The parsing methods are implemented as lazy properties, meaning that they will be generated only once, using the lazy_property context manager available in the monty package. This is advantageous since some sections contain mixed information of the same property and it may be called more than once while building a File object. The data is thus stored temporarily in the Parser instance, but this should not be a problem, because the information extracted is relatively small and the parser instance is meant to be disposed at the end of the generation of the object.

In general, when possible, the parsing methods first narrow down the section of the text that contains the information that should be extracted and then work on this to extract the exact data needed. This is usually because the outputs of TURBOMOLE do not have an organized structure and this allows to have a target specific lines of the output more easily.

The information parsed with the Parser are meant to be used by the Data objects to create an instance. In particular all the Data and File objects are subclasses of the turbomoleio.output.data.BaseData abstract class. This has a single abstract method, from_parser, that should implemented by subclasses and should be able to create a new instance of the Data or File object from a Parser instance. The BaseData class provides a from_string and a from_file method that rely on from_parser to create an instance of the subclass from the string of the output or from the file.

The Data objects are meant to contain data that can be grouped together by meaning or by type. In the from_parser method it can use the information coming from a single property of the Parser or from more than one. On the other hand the File objects in the from_parser preferably do not access directly the properties in the Parser but instead create instances of Data object and store mainly Data instances as attributes.

From a design point of view, this whole approach has been chosen since it allows to:

  • share parsing functions for different types of calculations,

  • quickly instantiate Data objects based on a single portion of the output, e.g. if the user only wants information about the energy, he can obtain it running ScfEnergiesData.from_file("ridft.log") without the waste of parsing all the rest of the file.

  • update the parsing of a specific section for new versions of TURBOMOLE without impacting the other parsing methods. This is possible since the parsing methods for the different sections are isolated.

Parsing a new quantity

If you want to start parsing a new quantity for one of the types of log files that are already handled you should proceed from the bottom up. First check if the quantity that you want to parse is part of a section that is already parsed by some method of the Parser. If that is the case you can probably modify that method, otherwise you should create a new property, mark it with the lazy_property context manager and implement the parsing inside it. A good approach is to use regular expressions both to narrow down the section that you want to focus on and to extract the exact values that you want, but for small sections analyzing the lines one by one is also acceptable.

Note

When writing the parser always consider that the output of TURBOMOLE can change considerably depending on the different options provided (e.g. an entire section or single values might appear/disappear). Always check that your parser is working under different conditions.
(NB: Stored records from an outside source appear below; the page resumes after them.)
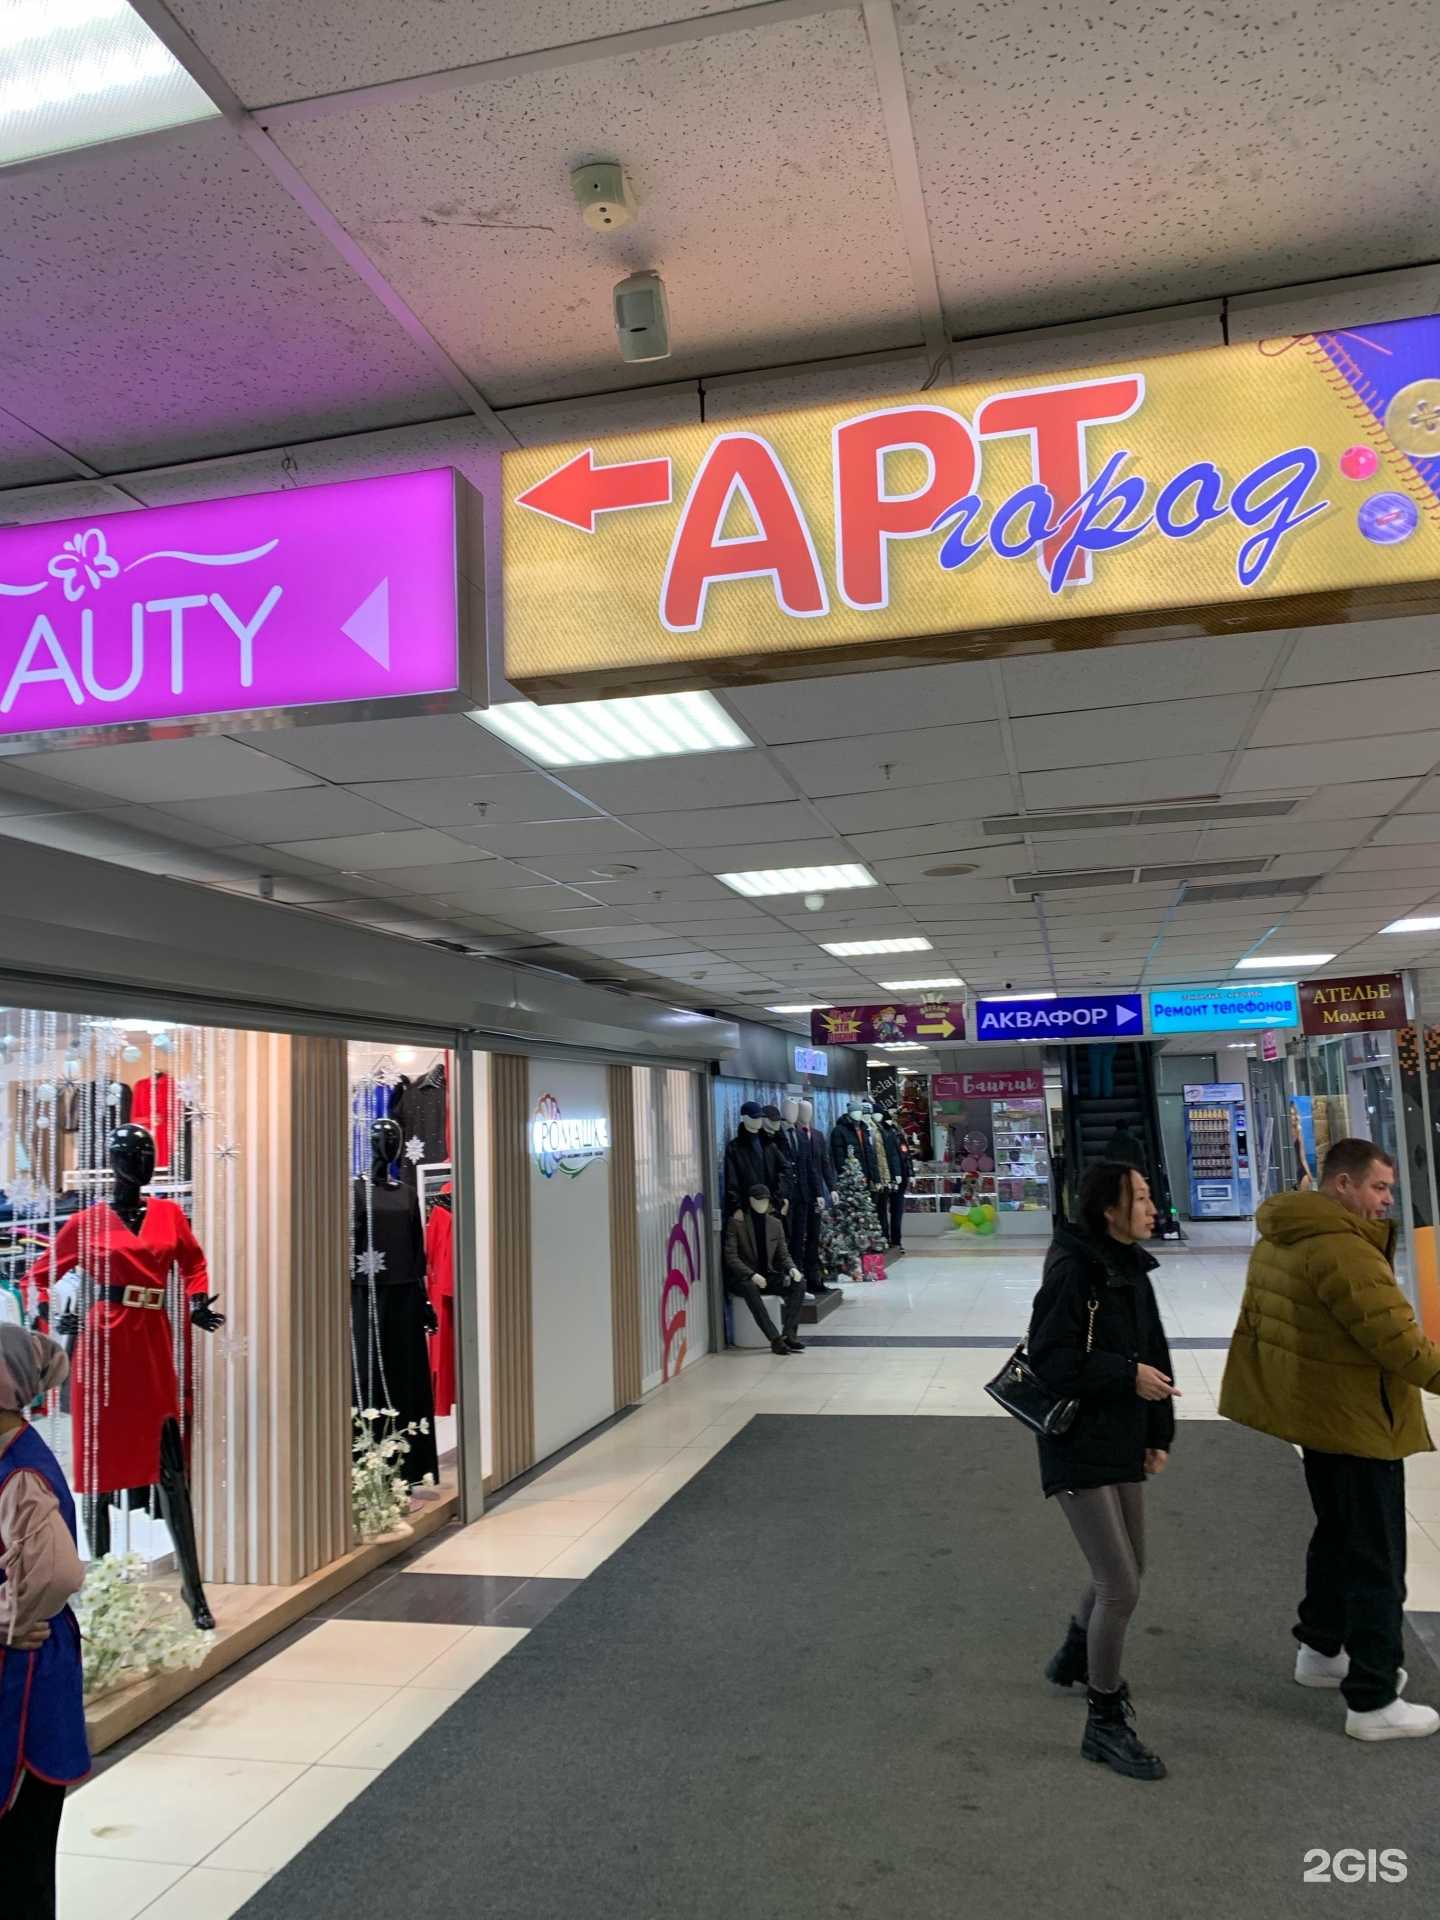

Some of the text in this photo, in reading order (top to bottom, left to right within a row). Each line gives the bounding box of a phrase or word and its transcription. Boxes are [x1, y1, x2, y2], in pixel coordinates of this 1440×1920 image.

[658, 373, 1146, 632] АРТ
[929, 446, 1329, 596] город
[0, 585, 283, 713] AUTY
[981, 1008, 1108, 1029] АКВАФОР
[1154, 1000, 1292, 1017] Ремонт телефонов
[1312, 983, 1392, 1004] АТЕЛЬЕ
Once the Parser has been modified you should either update one (or more) of the Data objects or write a new one, depending on the type of information that you extracted. In the latter case subclass the BaseData class and get your newly parsed information in the from_parser method.
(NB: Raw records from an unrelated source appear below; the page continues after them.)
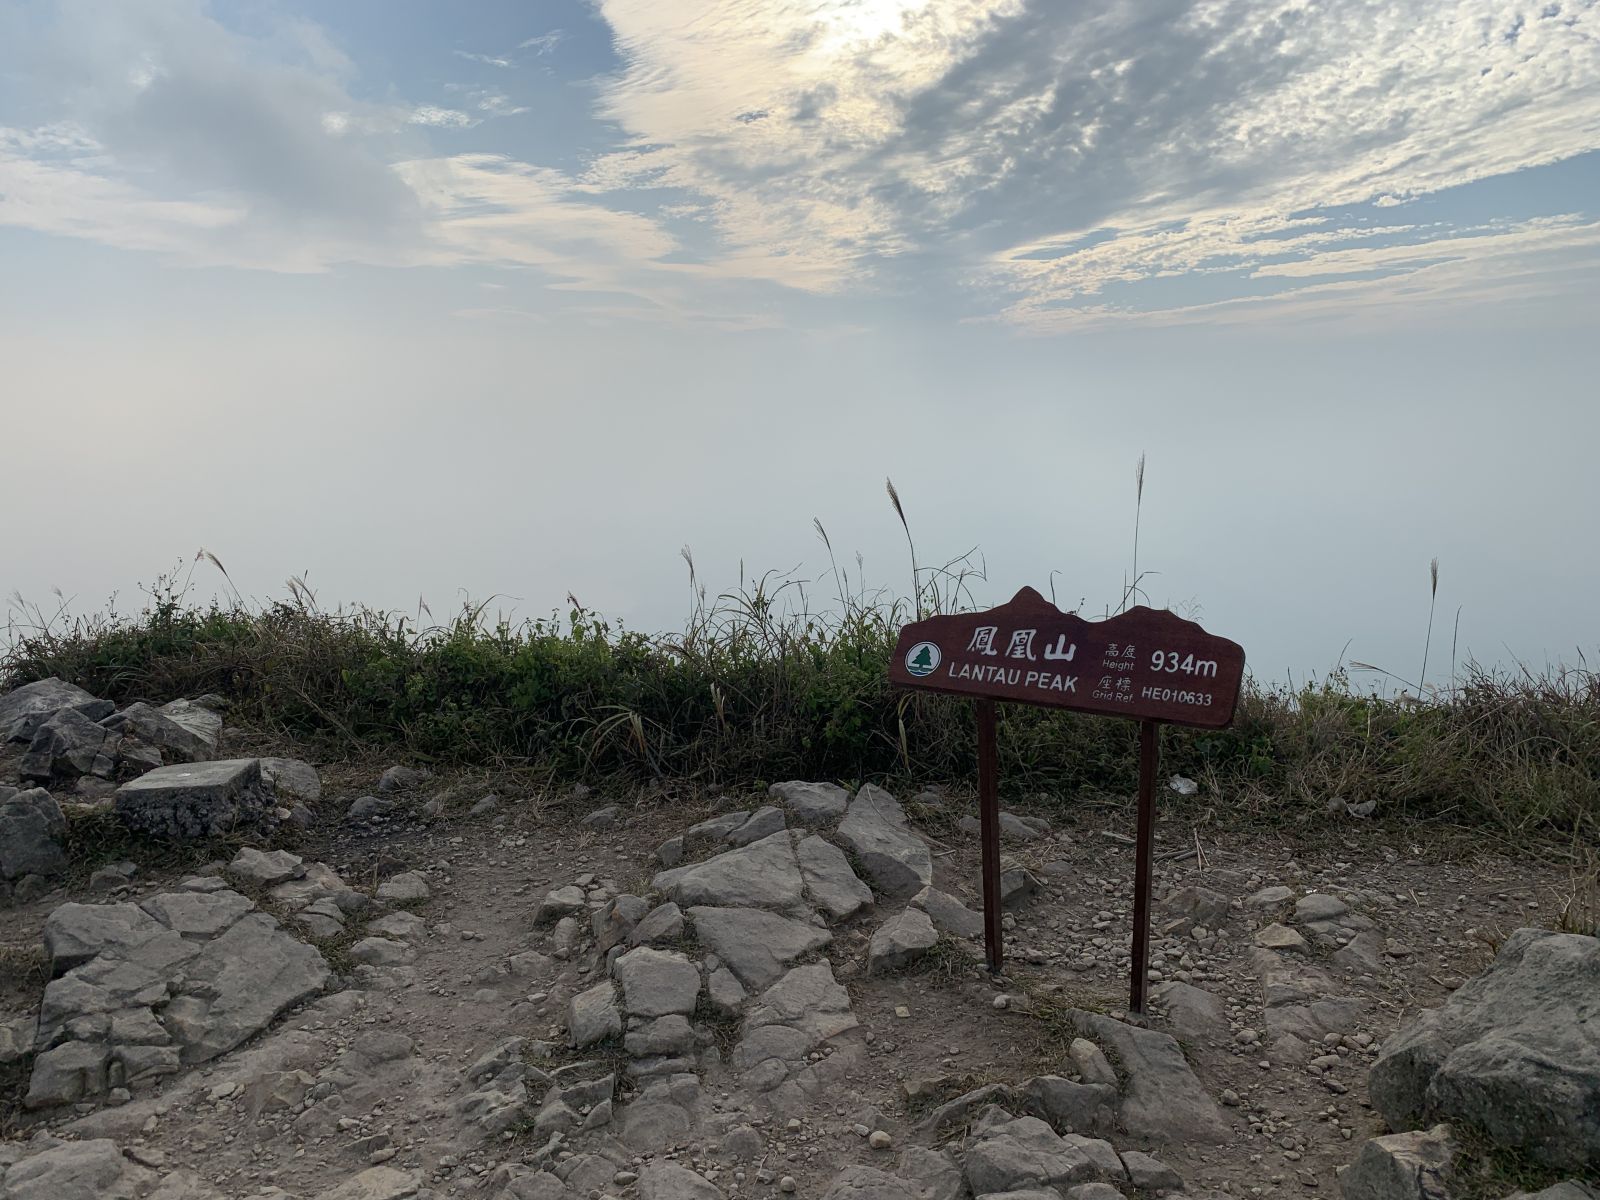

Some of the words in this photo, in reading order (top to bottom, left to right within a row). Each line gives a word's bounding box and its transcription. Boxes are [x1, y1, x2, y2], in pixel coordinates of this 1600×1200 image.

[966, 625, 1077, 661] 鳳凰山
[1105, 643, 1136, 659] 高度
[1102, 659, 1135, 672] Height
[1149, 649, 1218, 678] 934m
[948, 661, 1021, 685] LANTAU
[1024, 671, 1079, 693] PEAK
[1097, 675, 1132, 692] 座標
[1092, 690, 1114, 700] Grid
[1141, 686, 1213, 706] HE010633
Finally, if a new Data object has been created, modify the appropriate File objects that should contain it.

Warning

When adding new attributes to Data and File objects always set a None as a default in the __init__. In this way data that have been json serialized with previous versions of the code will still be deserialized correctly (only your newly added property will be missing). If instead you change or remove one of the existing attributes the old data will not be deserialized anymore. Backward compatibility changes as these should be though carefully and agreed upon by the community of users.

Parsing a new type of log

When parsing the output provided by an executable that is not supported by the current version of turbomoleio you should proceed in a similar manner as when Parsing a new quantity. In this case you will probably need to add several new methods to the Parser, addressing the different quantities and information that you want to extract. Also check which ones of the existing properties are working for your kind of output, since some of the are likely to be compatible (e.g. the header attribute will very likely be equivalent in your case as well).

After creating the parser methods, your should encapsulate that information inside Data objects and create a new File object where you will store all the extracted data. The same recommendations given in the previous sections hold here as well.

Lastly, if this is suitable, add your object to the turbomoleio.outputs.files.exec_to_out_obj dictionary. This will be used as a reference to decide which File object to use when running a specific executable. In particular it will be used in the unit tests, as explained below.

Tests

For the main discussion concerning the testing in turbomoleio you should refer to the Testing section of this developer guide. However, given the particular nature of the unit tests implemented for the log parsing we will provide some more explanations here.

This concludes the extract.